Oh my gods… I really want to fucking kill someone right now. Cindy went and made a stink to Barnes and he threatined ot make cuts in the ensamble because he doesn’t approve of decent and he will ont have it in ihis band but he has no idea of whats going on. She’s conctantly talking down to us and treating us like we’re totally ignorant. Like she’s the only one that ever played one of those instruments before,.

I just cant take he.r I jsut cant take the constant talking and that feeling of acting like she has something over us which she doesn’t AT ALL. i’m not angry I’m not section leader anymore I jsut feel like she has no right to keep acting this wya. The first day or two maybe but not now. I talked to Michelle and she told me she talked to cindy and she said how much better she is than everyone else and how shes going to ahve to beat everytihng into us. What an attitude problem! Bitch!

so today we tried to play a stupid game with her and we hid behind the stage to pop out on her and she went to cry to barnes and i cant believe she just didn’t grow up and act like an adult instead of going crying to him. but I didn’t get it because i’m too sick. Well i think I’m too sick to help anymore too. I’ve not taken my stuff in 2 weeks and i know its bad and Davis is going to be upset with me when he reads this but I feel fine and i’d be better if i was taking it but it makes me tired sometimes

so it was the day from hell and we still have one more day of minicamp to go. She’s just trying to be Jen i think too and its not working…
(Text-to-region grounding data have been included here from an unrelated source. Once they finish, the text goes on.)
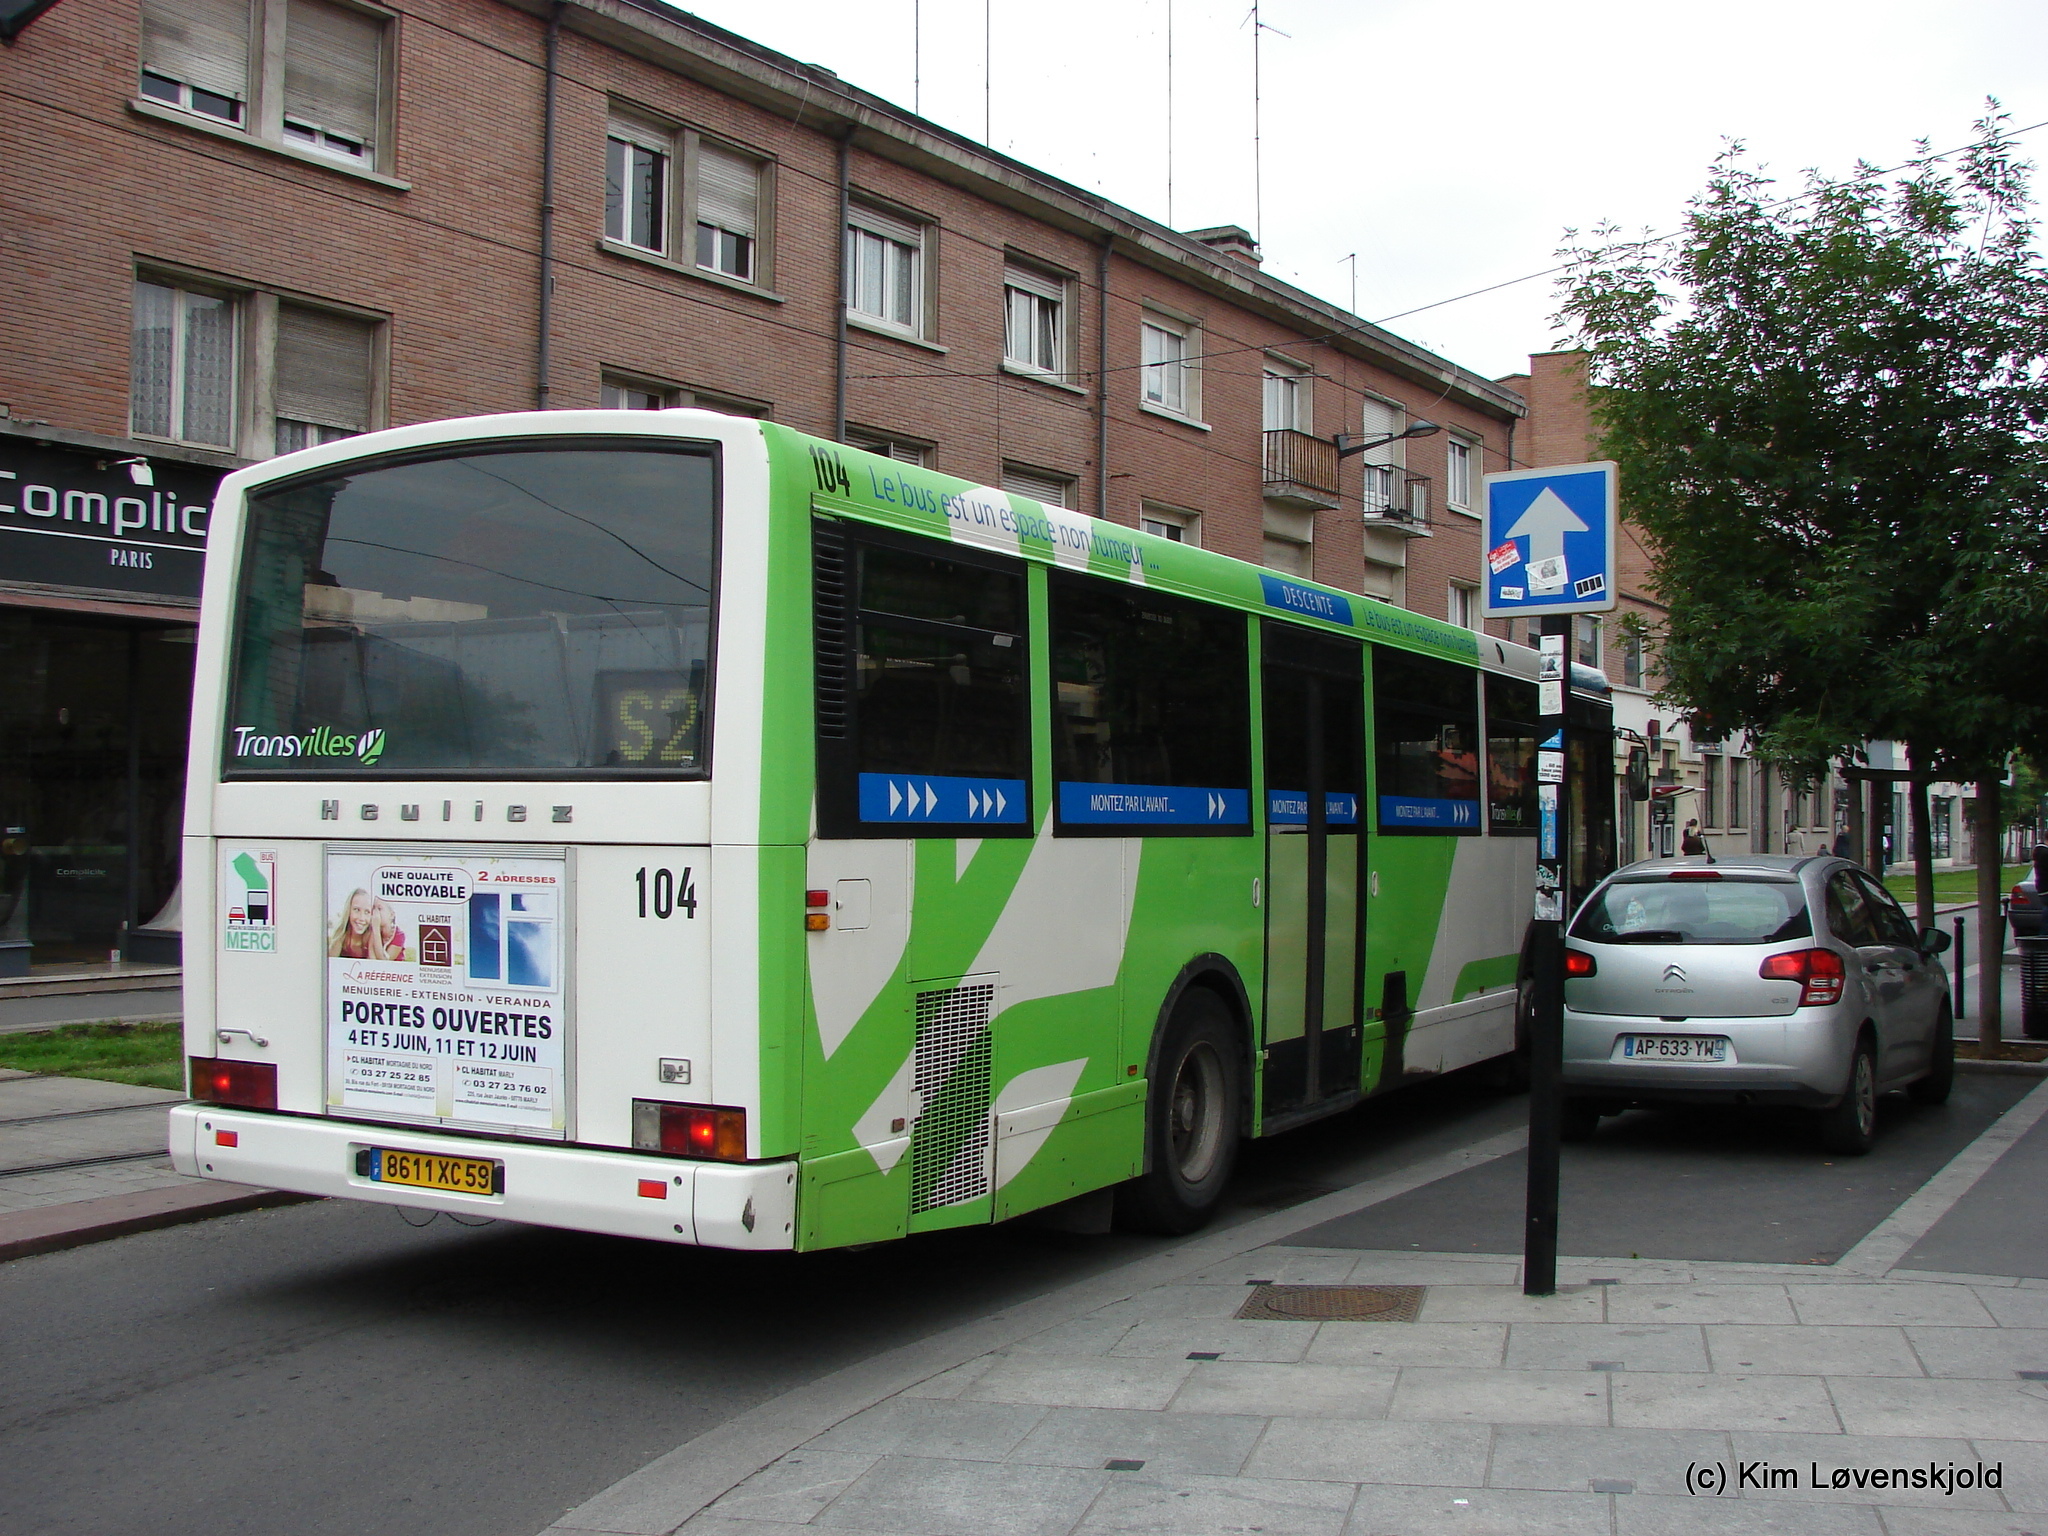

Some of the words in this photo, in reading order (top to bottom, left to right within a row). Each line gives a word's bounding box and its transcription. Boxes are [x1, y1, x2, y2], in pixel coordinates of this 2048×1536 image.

[809, 444, 850, 497] 104
[868, 465, 896, 503] Le
[897, 472, 936, 513] bus
[941, 492, 970, 522] est
[972, 500, 997, 528] un
[1000, 507, 1057, 544] espace
[1059, 524, 1091, 552] non
[1091, 525, 1144, 566] fumeur
[111, 548, 153, 569] PARIS
[1282, 585, 1334, 615] DESCENTE
[1361, 603, 1375, 627] Le
[1372, 605, 1391, 632] bus
[1390, 617, 1404, 635] est
[619, 690, 697, 762] S2
[234, 726, 356, 757] Transvilles
[321, 799, 574, 823] Heuliez
[1091, 795, 1124, 812] MONTEZ
[1125, 796, 1139, 812] PAR
[1272, 800, 1297, 815] MONTEZ
[1297, 801, 1308, 815] PAR
[261, 853, 273, 861] BUS
[381, 871, 404, 880] UNE
[407, 871, 454, 881] QUALITÉ
[477, 870, 489, 882] 2
[494, 875, 557, 884] ADRESSES
[381, 883, 466, 899] INCROYABLE
[635, 866, 697, 920] 104
[418, 914, 426, 923] CL
[426, 914, 452, 924] HABITAT
[364, 969, 414, 984] RÉFÉRENCE
[342, 985, 403, 998] MENUISERIE
[411, 990, 474, 1003] EXTENSION
[486, 996, 552, 1009] VERANDA
[342, 1000, 425, 1029] PORTES
[432, 1007, 552, 1040] OUVERTES
[349, 1030, 357, 1044] 4
[361, 1030, 378, 1047] ET
[381, 1032, 390, 1048] 5
[393, 1034, 432, 1055] JUIN,
[435, 1038, 451, 1054] 11
[457, 1040, 475, 1056] ET
[480, 1042, 497, 1059] 12
[501, 1044, 537, 1063] JUIN
[1635, 1039, 1714, 1056] AP-633-YW
[360, 1057, 385, 1066] HABITAT
[361, 1069, 373, 1077] 03
[375, 1070, 387, 1078] 27
[404, 1073, 415, 1081] 22
[418, 1074, 430, 1082] 85
[461, 1066, 470, 1074] CL
[471, 1067, 497, 1076] HABITAT
[498, 1070, 515, 1078] MARLY
[473, 1080, 486, 1088] 03
[488, 1081, 501, 1089] 27
[503, 1083, 516, 1091] 23
[519, 1084, 531, 1092] 76
[534, 1086, 547, 1094] 02
[387, 1154, 432, 1182] 8611
[438, 1159, 461, 1186] XC
[465, 1163, 489, 1189] 59
so barnes said to us that cindy came back from Corps and had SO MANY GREAT IDEAS and we have to help her and go along with them because shes going ot be a teacher someday like all of us and we need to be pa part of the grop she is trying and we cannot be so hard on he.r but shes a sacred music major! She’s not teaching and if I have ot hear about Corps one more time I’m goingto kill her I have been in marching bands for over 10 years at this point and i HAVE NEVER had a problem ever with anyone in a band and Moravian has been one nightmare after another!! Fucking Bitch!!

i could keep bitching about how she does things 2 measures at a time and ten when she got bakc today she got a total attitude with us about her teaching and WHY we have to do things the way we do. But after yesterday when she told us that “We bought our tickets nad now we have to go down with the plane” I am sick of her…

fuck her… I have dishes and more work to do here tonight to make this place nice for him tonight… i’m trying to make the house clean and i think im doing ok… i just am totally out of paper towels and i cant do the last of this without it…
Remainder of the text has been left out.